The net effect is generally perceived as “net negative” for oil exporting countries, and could also be a potential catalyst for weakness in U.S equities, with indices carrying “significant weighting” of oil / energy related companies.

The Saudi’s can produce oil much , much cheaper than other nations so in keeping production output high ( and in turn driving prices lower ) there may be more to this than first meets the eye.

A strategic move to drive other oil exporters ( in particular The U.S with it’s high costs of production ) out of the market? 65 dollar bbl oil puts the majority of U.S oil exporters on the back foot and potentially “out of business” should these price levels remain, not to mention driving home the point that “indeed” global demand for oil is certainly on the decline.

I believe it was a 35-40% decrease in the price of oil that also proceeded equities downturns in both 2008 as well 2011.

We are almost exactly at the same point with oil prices as of this morning, so it remains to be seen “what reaction” we may see here in the West as markets digest the information.

First the currency war and now perhaps a “commodity war”? Needless to say….never a dull moment here these days – with “yet another shocker” rippling through markets here this week.

Let’s see what The Central Banks do next right?
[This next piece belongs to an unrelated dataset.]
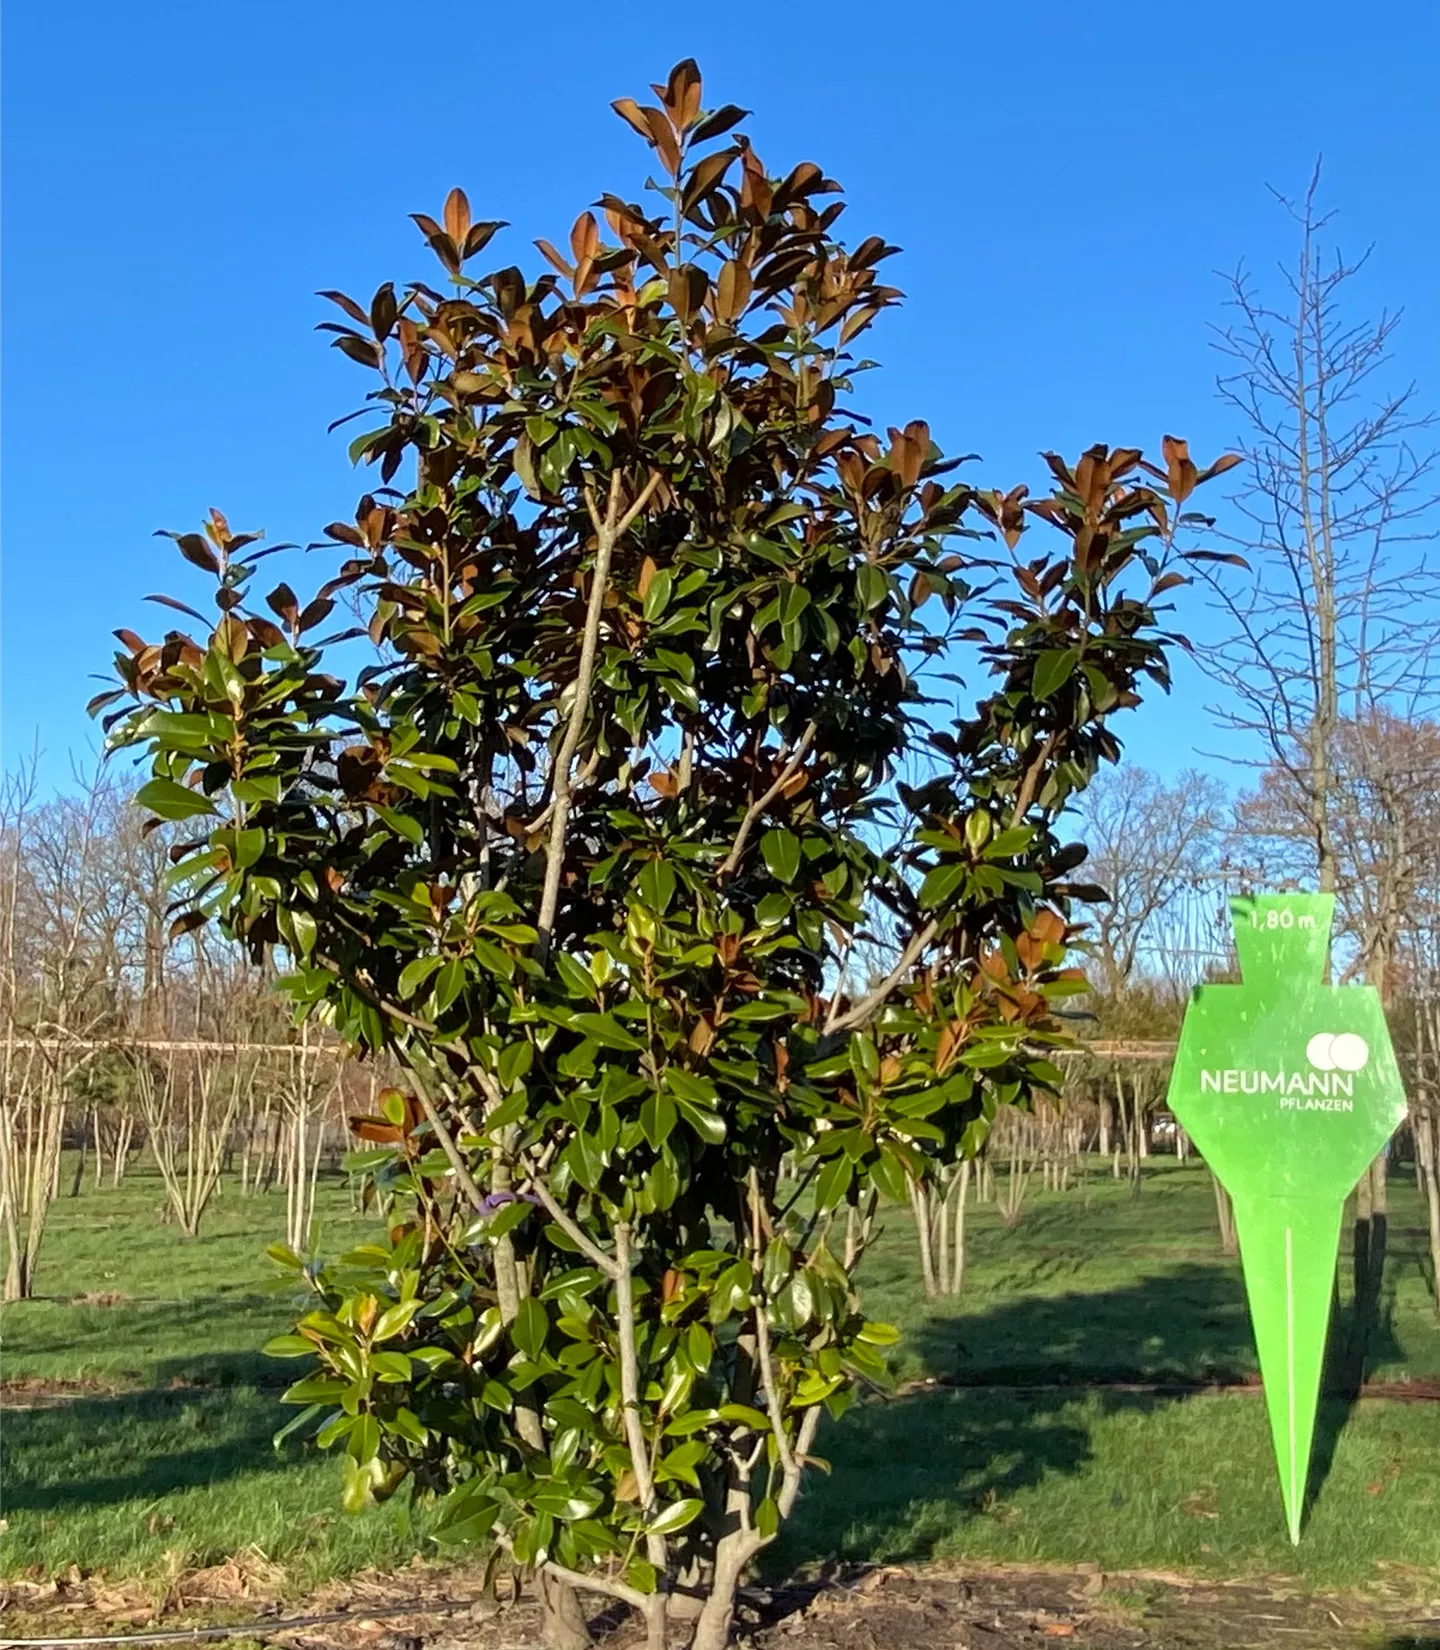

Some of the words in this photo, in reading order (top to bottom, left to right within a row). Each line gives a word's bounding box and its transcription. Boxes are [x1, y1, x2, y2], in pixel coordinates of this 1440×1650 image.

[1250, 910, 1293, 930] 1,80
[1298, 914, 1316, 929] m
[1200, 1069, 1354, 1096] NEUMANN
[1279, 1098, 1353, 1113] PFLANZEN
As this has absolutely nothing to do with you or I.

U.S Unemployment Figures – Back On The Rise

Even with the U.S Gov / Data being as “massaged” as it currently is ( with the numbers being modified / skewed as best they can to show improvement ) – unemployment claims have missed “yet again” for the 4th straight week.

Coming in at 313,000 after an expected 287,000 – the numbers continue to increase – all the while U.S mainstream media continues to “sell the story” that The U.S is well on its way to recovery.
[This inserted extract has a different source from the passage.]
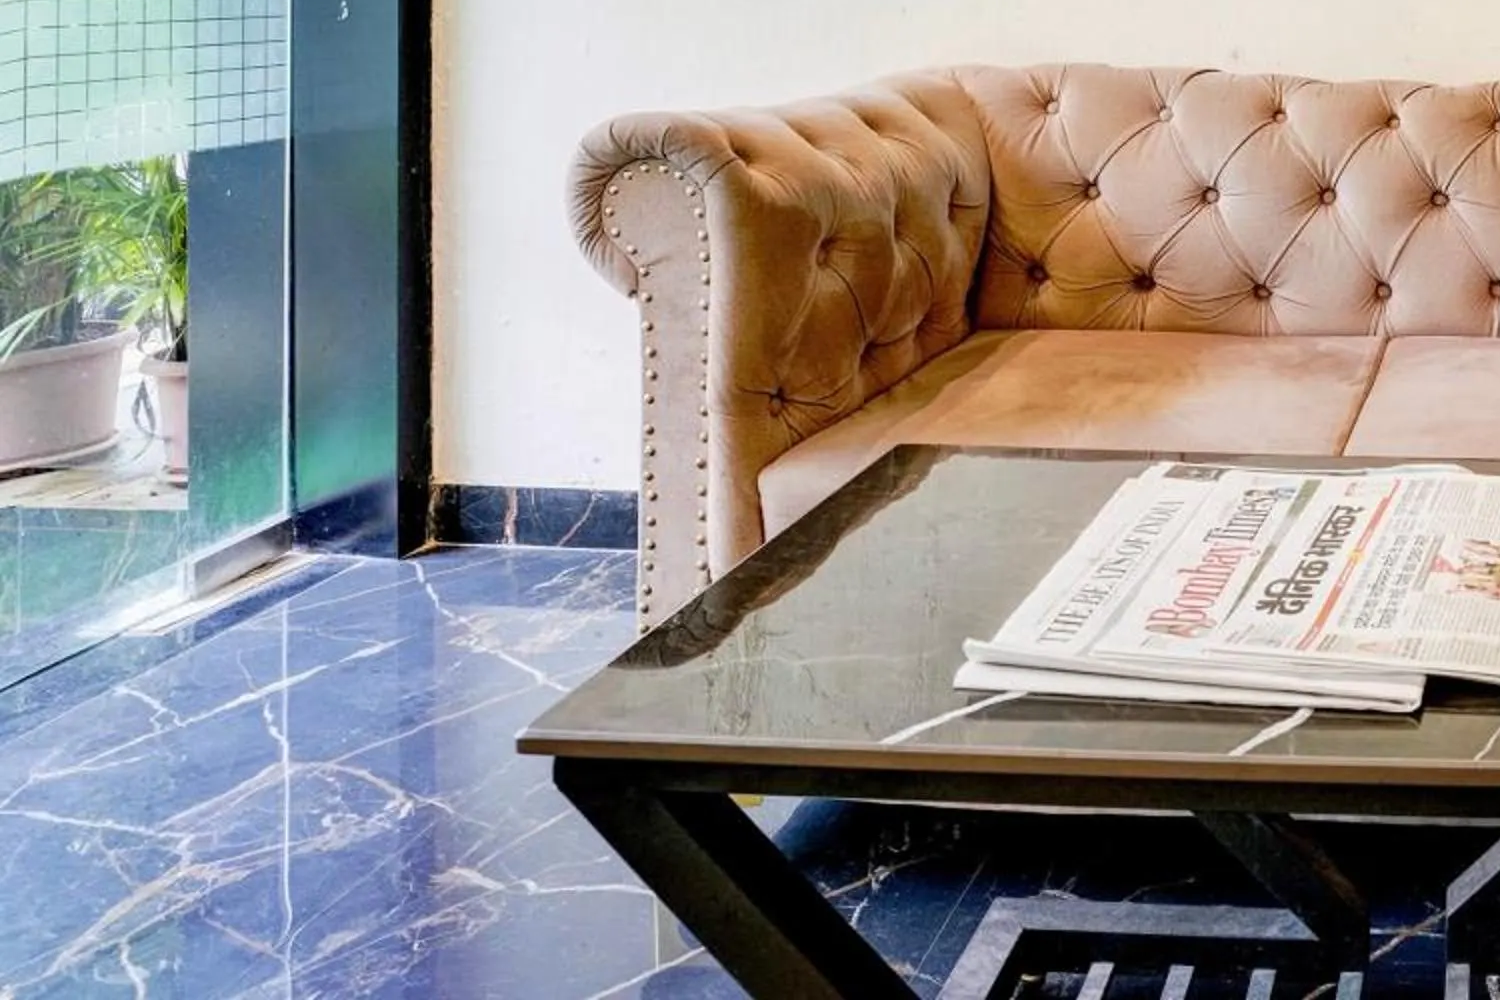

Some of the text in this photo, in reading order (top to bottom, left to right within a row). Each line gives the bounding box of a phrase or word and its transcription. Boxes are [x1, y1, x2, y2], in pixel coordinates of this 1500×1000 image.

I’ve harped on this before, but once again….take a minute to consider that in the past seven days 313,000 “more people” ( after 288,000 the week prior ) now seek unemployment benefits  in The U.S.
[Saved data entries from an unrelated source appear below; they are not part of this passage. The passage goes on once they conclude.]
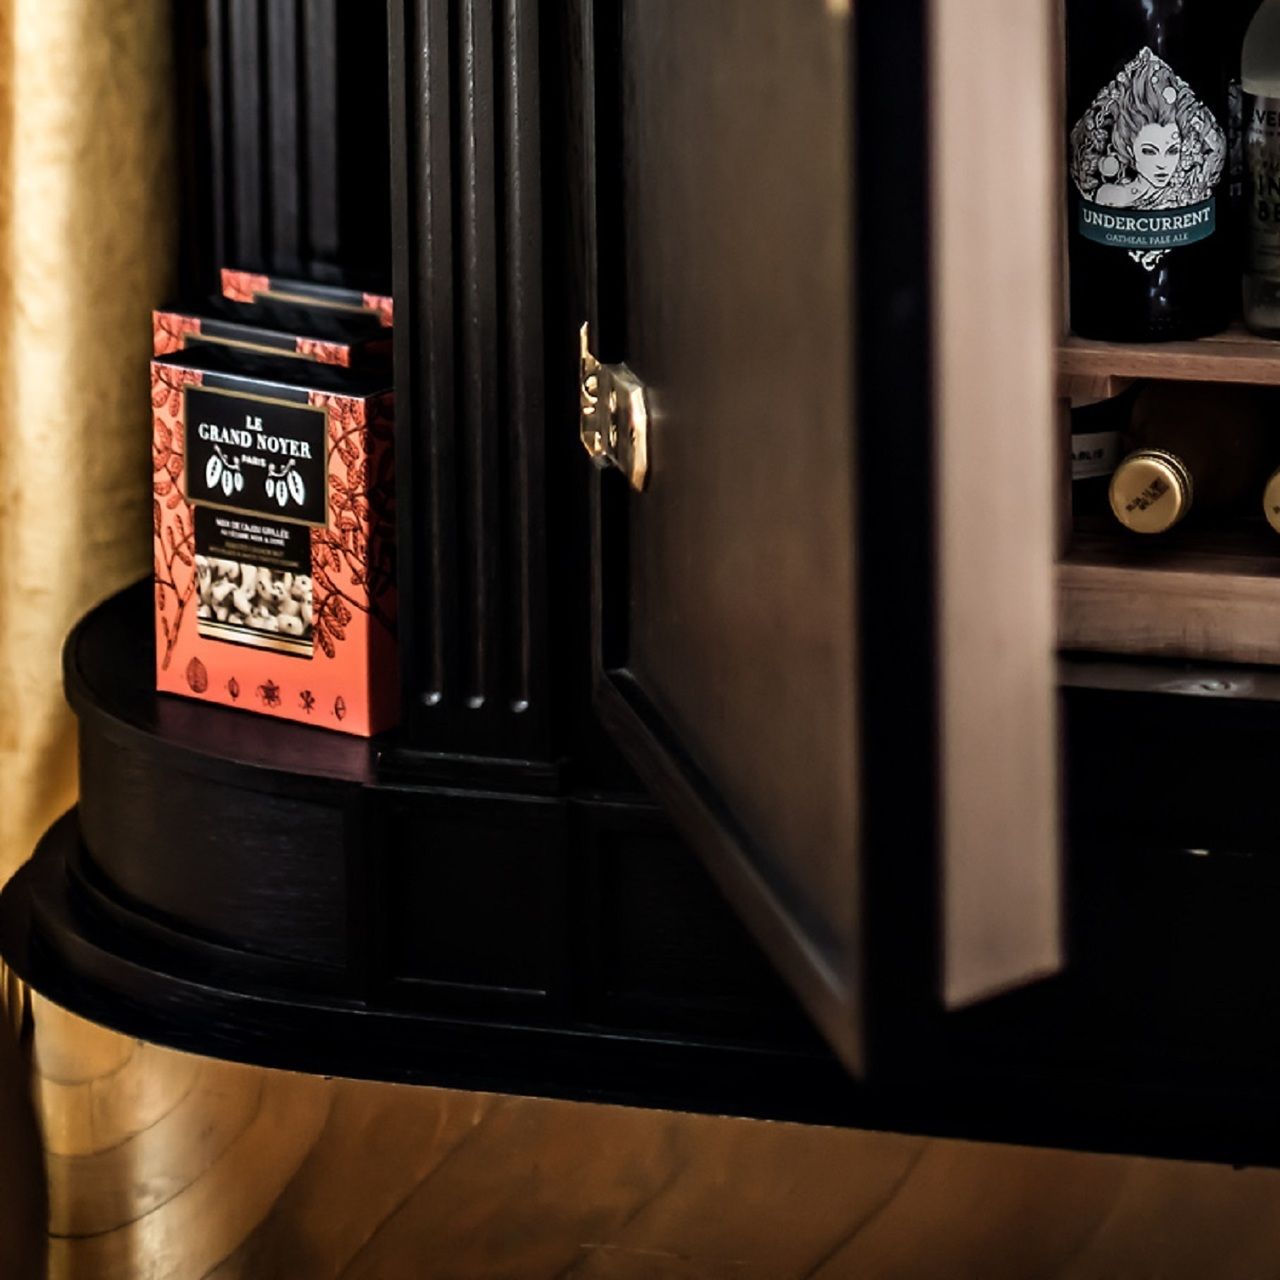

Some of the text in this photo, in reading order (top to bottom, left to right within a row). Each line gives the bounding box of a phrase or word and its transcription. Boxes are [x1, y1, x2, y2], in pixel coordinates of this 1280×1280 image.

[1082, 207, 1211, 232] UNDERCURRENT
[1149, 233, 1171, 245] PALE
[1173, 232, 1189, 242] ALE
[245, 414, 264, 432] LE
[198, 422, 313, 459] GRAND NOYER
Rough and nasty – a half a million “new” claims every two weeks, or 1 million freshly “unemployed” people per month…as the “downtrend in claims” has now been reversed.

I employ “anyone” to explain to me how consumer confidence numbers, GDP numbers or “any numbers” out of The U.S could possibly be an indication of “growth” with 1 million new people lining up at unemployment offices every single month.

The number ( and it’s longer term implications ) is literally – right out of this world.

Now there will obviously be those of you who will contend “who really cares as The Fed has got our backs”. So essentially what you are saying is that……no matter how bad things get ” it really doesn’t matter” because The Fed ( and The Central Banks in general ) will just keep the party going no matter what.

So in that sense you must be an “advocate” of such monetary policy.

Policy that continues to kill your currency, killing your buying power and reducing your savings ( and most certainly the savings of your parents / grandparents ) to such an extent that people who at one point may have considered “retirement”, now have little choice but to keep “slugging it out in the trenches” another 8-10 years longer.

What kills me is that “you’ll riot in the streets” over the injustice you feel so strongly about ( when a cop isn’t prosecuted for a murder that perhaps you feel he should have ) but will just sit back on the couch and continue to stuff your face with Doritos – watching your Government and The Fed rob you blind.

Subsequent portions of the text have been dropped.